Text-to-region grounding data
[Start of section]
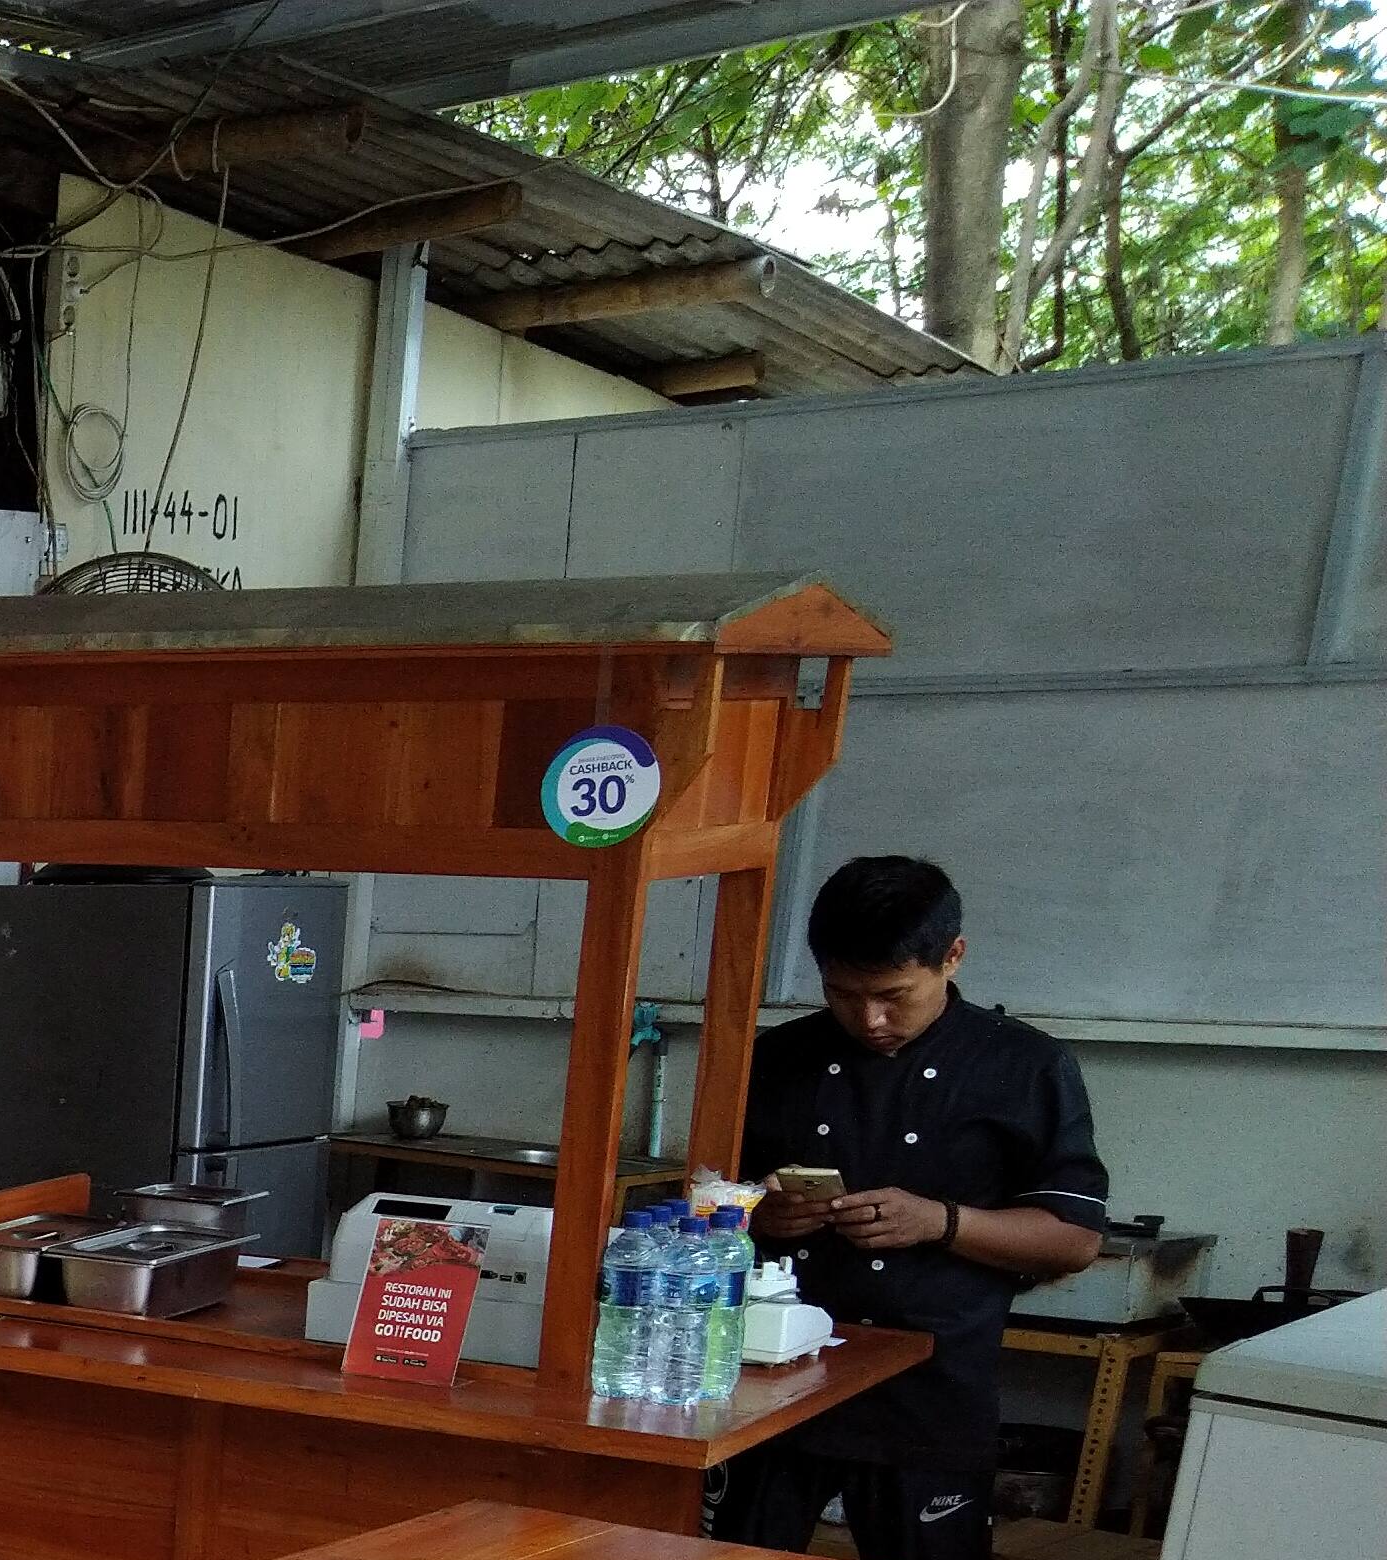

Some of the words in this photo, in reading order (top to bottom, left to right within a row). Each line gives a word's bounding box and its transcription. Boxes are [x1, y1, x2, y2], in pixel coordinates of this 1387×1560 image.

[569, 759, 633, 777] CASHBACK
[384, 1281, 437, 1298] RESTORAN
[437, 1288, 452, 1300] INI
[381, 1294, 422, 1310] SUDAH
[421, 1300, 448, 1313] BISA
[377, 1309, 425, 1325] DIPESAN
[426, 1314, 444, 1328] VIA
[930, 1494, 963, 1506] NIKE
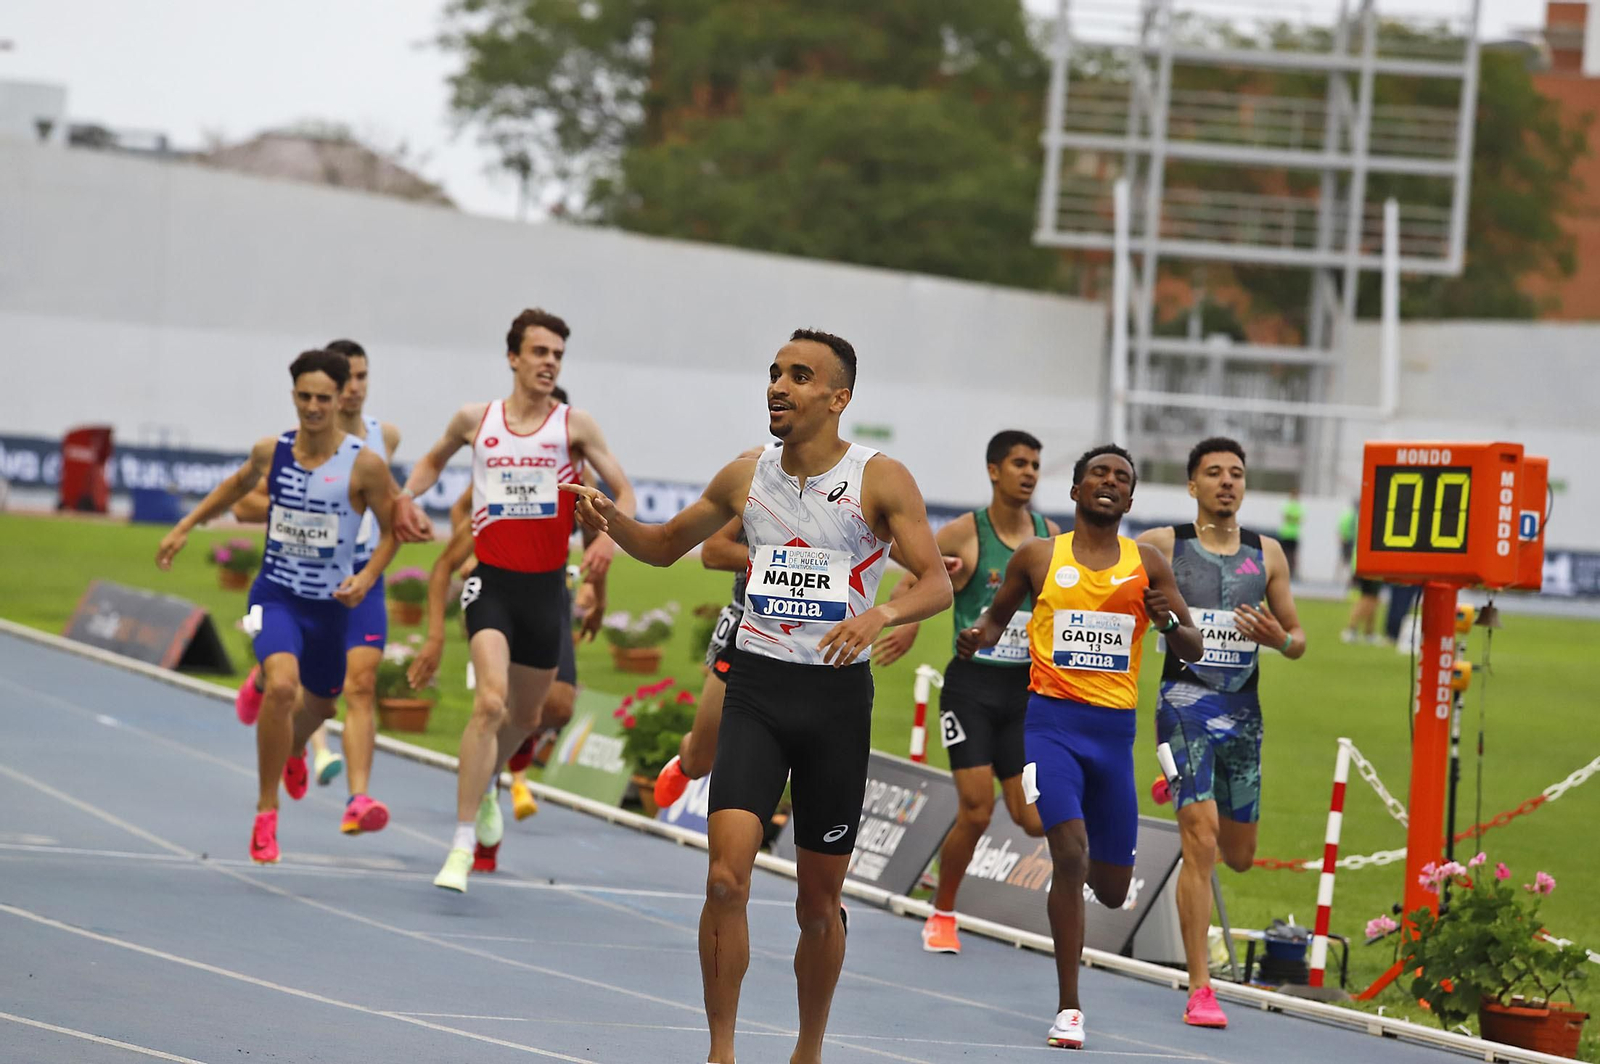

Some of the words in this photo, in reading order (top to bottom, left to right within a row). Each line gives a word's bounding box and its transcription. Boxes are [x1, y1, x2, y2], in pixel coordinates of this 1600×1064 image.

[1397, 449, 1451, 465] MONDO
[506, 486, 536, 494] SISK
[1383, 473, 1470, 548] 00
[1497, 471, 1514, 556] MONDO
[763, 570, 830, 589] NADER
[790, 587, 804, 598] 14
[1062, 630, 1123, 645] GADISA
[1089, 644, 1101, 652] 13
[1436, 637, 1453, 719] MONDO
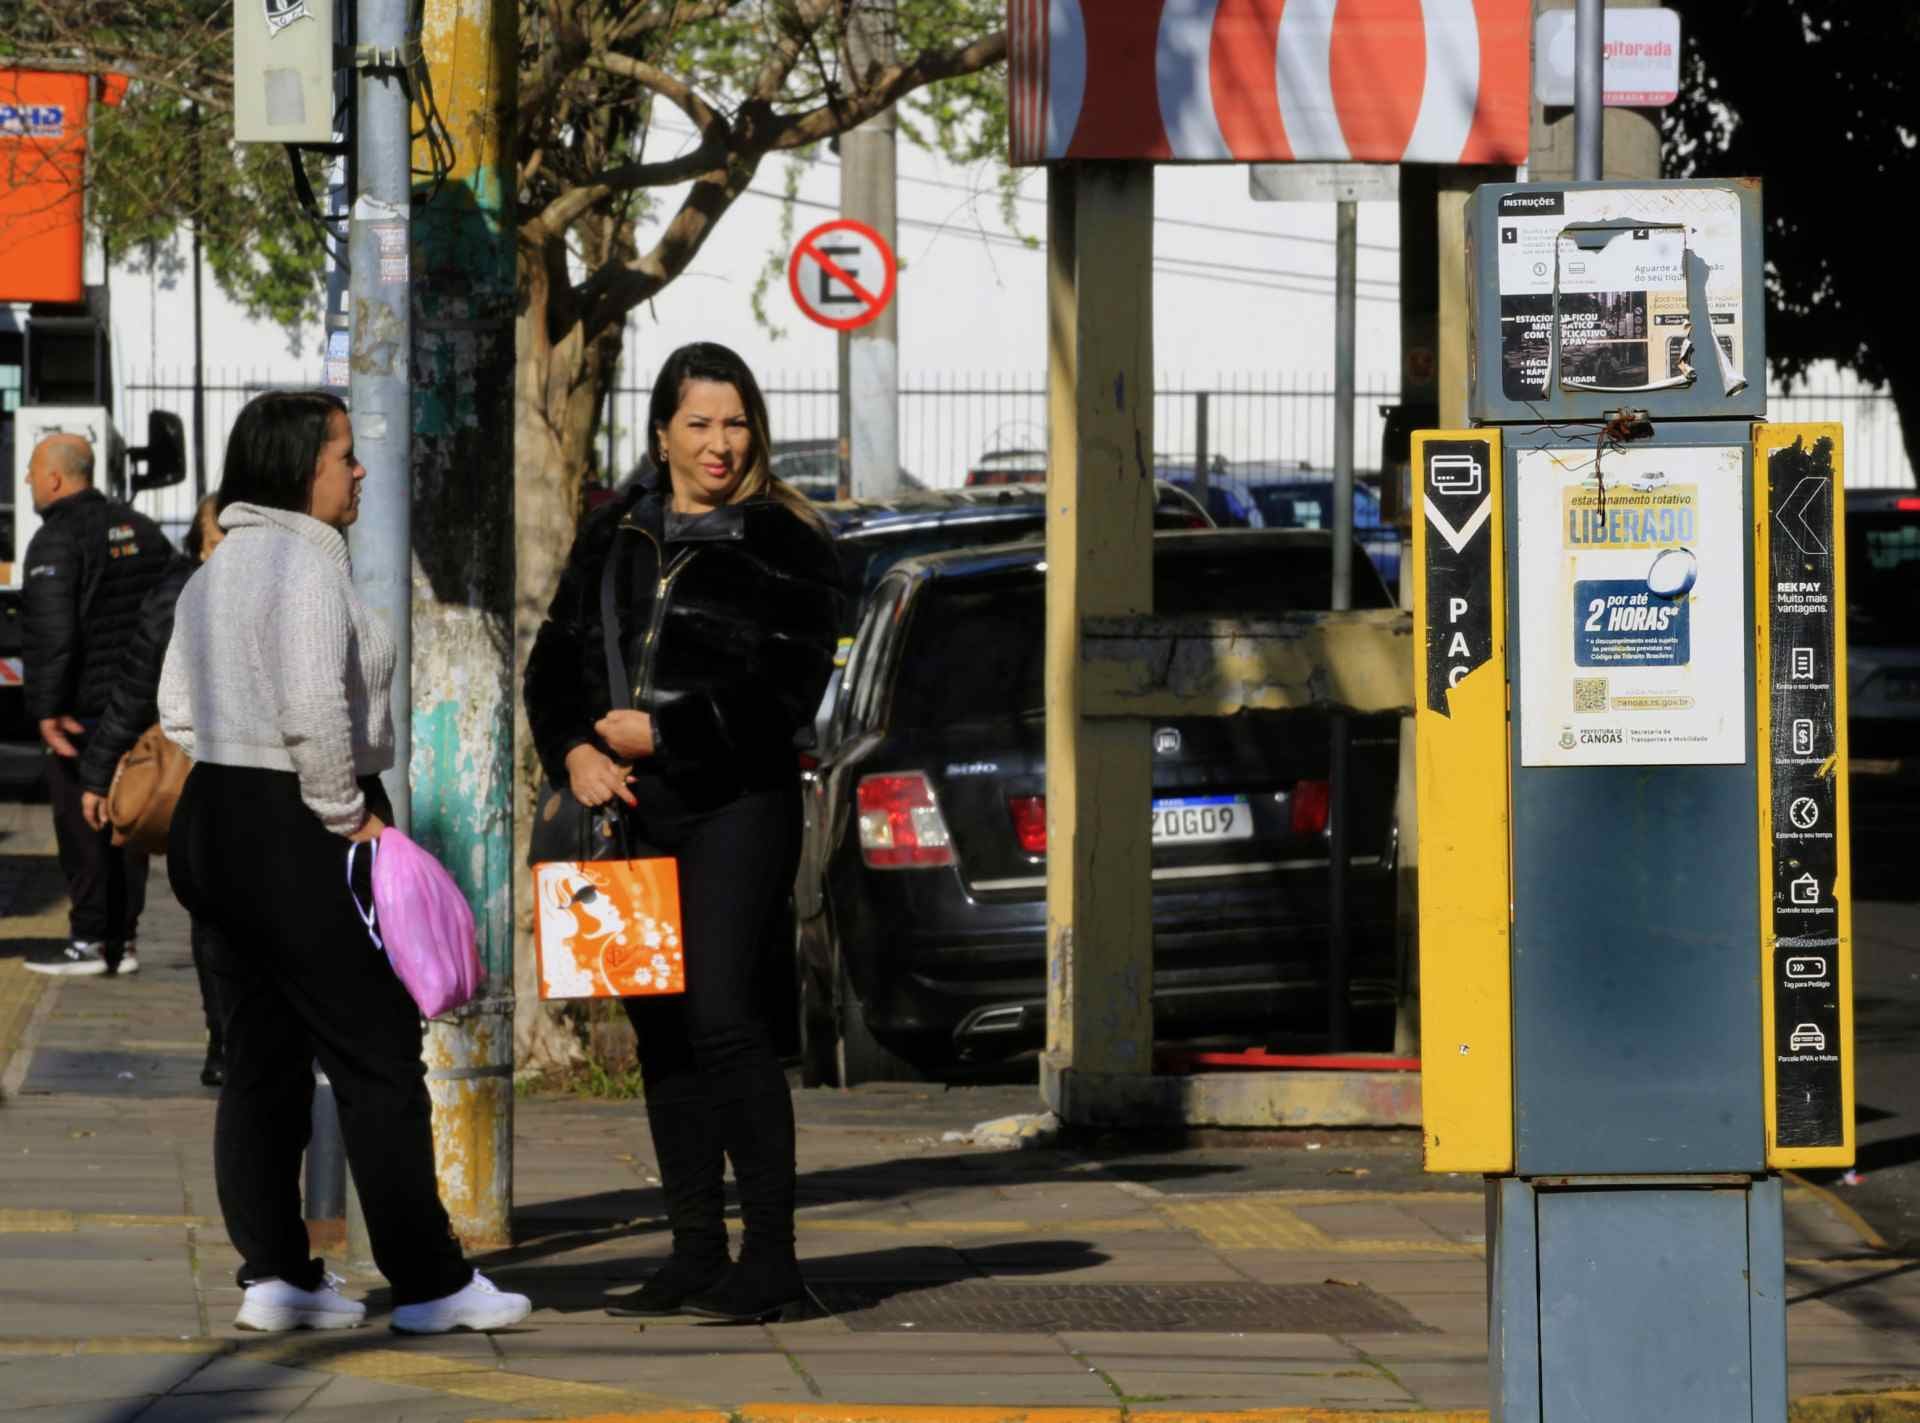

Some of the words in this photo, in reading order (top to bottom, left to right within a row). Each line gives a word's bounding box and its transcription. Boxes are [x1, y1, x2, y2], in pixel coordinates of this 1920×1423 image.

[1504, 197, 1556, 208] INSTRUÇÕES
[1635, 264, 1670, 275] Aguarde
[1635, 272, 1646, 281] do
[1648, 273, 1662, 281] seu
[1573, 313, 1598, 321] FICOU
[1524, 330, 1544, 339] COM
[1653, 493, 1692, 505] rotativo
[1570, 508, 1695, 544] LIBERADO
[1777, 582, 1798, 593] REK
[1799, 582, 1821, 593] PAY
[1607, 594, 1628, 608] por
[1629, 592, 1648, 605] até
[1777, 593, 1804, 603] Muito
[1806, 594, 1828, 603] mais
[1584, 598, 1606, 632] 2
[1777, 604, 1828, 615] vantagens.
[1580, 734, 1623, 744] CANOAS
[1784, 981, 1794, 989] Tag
[End of section]
### ACTIVITY
Please quote the records above exactly, beginning at the line that contains "this 1600×1064 image." and ending at their last line. Leave the pictures out.

### RESPONSE AREA
Some of the words in this photo, in reading order (top to bottom, left to right within a row). Each line gives a word's bounding box and its transcription. Boxes are [x1, y1, x2, y2], in pixel coordinates of this 1600×1064 image.

[1397, 449, 1451, 465] MONDO
[506, 486, 536, 494] SISK
[1383, 473, 1470, 548] 00
[1497, 471, 1514, 556] MONDO
[763, 570, 830, 589] NADER
[790, 587, 804, 598] 14
[1062, 630, 1123, 645] GADISA
[1089, 644, 1101, 652] 13
[1436, 637, 1453, 719] MONDO

Some of the words in this photo, in reading order (top to bottom, left to right within a row). Each line gives a word's bounding box and its transcription. Boxes are [x1, y1, x2, y2], in pixel coordinates of this 1920×1423 image.

[1504, 197, 1556, 208] INSTRUÇÕES
[1635, 264, 1670, 275] Aguarde
[1635, 272, 1646, 281] do
[1648, 273, 1662, 281] seu
[1573, 313, 1598, 321] FICOU
[1524, 330, 1544, 339] COM
[1653, 493, 1692, 505] rotativo
[1570, 508, 1695, 544] LIBERADO
[1777, 582, 1798, 593] REK
[1799, 582, 1821, 593] PAY
[1607, 594, 1628, 608] por
[1629, 592, 1648, 605] até
[1777, 593, 1804, 603] Muito
[1806, 594, 1828, 603] mais
[1584, 598, 1606, 632] 2
[1777, 604, 1828, 615] vantagens.
[1580, 734, 1623, 744] CANOAS
[1784, 981, 1794, 989] Tag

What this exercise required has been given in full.